A full, exact copy of the records below is the required answer.

§ **DATA FOR THIS TASK**
══════

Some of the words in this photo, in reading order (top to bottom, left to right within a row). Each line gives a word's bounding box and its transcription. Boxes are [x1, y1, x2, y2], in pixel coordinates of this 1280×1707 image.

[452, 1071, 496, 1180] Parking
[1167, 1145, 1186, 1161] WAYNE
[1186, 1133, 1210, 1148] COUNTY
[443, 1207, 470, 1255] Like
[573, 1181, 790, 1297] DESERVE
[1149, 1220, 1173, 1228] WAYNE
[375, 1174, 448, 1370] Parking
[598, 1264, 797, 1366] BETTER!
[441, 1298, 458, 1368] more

══════

§ **ANSWER FOR THIS EXERCISE**
Some of the words in this photo, in reading order (top to bottom, left to right within a row). Each line gives a word's bounding box and its transcription. Boxes are [x1, y1, x2, y2], in pixel coordinates of this 1280×1707 image.

[452, 1071, 496, 1180] Parking
[1167, 1145, 1186, 1161] WAYNE
[1186, 1133, 1210, 1148] COUNTY
[443, 1207, 470, 1255] Like
[573, 1181, 790, 1297] DESERVE
[1149, 1220, 1173, 1228] WAYNE
[375, 1174, 448, 1370] Parking
[598, 1264, 797, 1366] BETTER!
[441, 1298, 458, 1368] more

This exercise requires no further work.